Statistics of Machine Learning is a very vital tool that helps developers and organizations to use formulas to make optimum utilization of the application. Edureify, the best AI Learning App has previously provided information on the Statistics of Machine Learning, the Descriptive Statistics of Machine Learning, Standard and Variable Deviation of Machine Learning, and the 3 Measures of Central Tendency for Machine Learning.
In this article, Edureify will provide information on Range and Interquartile Range that help detect outliers in Machine Learning.

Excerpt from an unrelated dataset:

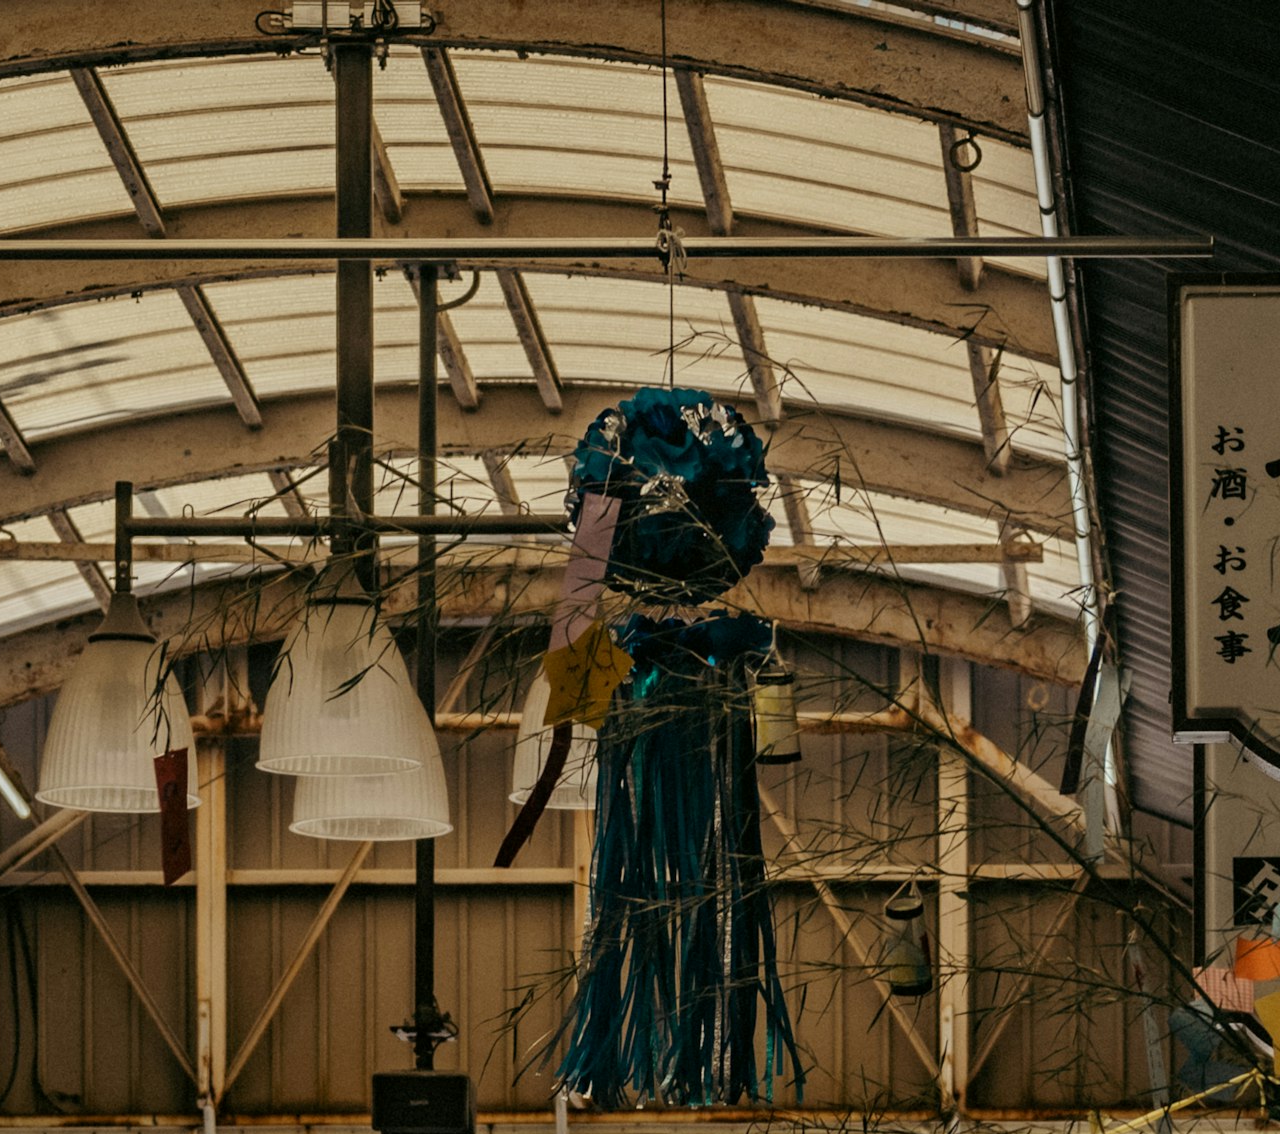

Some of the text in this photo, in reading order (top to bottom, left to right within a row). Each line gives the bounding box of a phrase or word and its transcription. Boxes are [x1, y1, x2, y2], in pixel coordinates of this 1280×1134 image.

[1210, 424, 1252, 664] お酒・お食事

Read on to know more about the Range and Interquartile Range of Machine Learning and also learn from the best coding courses of Edureify to sharpen your knowledge.
What is Range?
In the simplest mathematical explanation, Range is the difference between the maximum value and the minimum value in a dataset. The range is one of the properties of Measures of Dispersion that gives information on how data spreads across a distance.
The formula to calculate Range is:
Range= Maximum value- Minimum value
Using this formula, if the Range is pf a higher value it signifies that the variability of distribution is high and if the value is low then it signifies that the variability of distribution is low.
What is Interquartile Range?
Interquartile Range, IQR is a property that is used to measure variability. The IQR divides a dataset into quartiles. These quartiles store data after the data gets sorted in ascending order and split into 4 equal parts. The first, second, and third quartiles are called Q1, Q2, and Q3. These quartiles are the values that separate the 4 equal parts.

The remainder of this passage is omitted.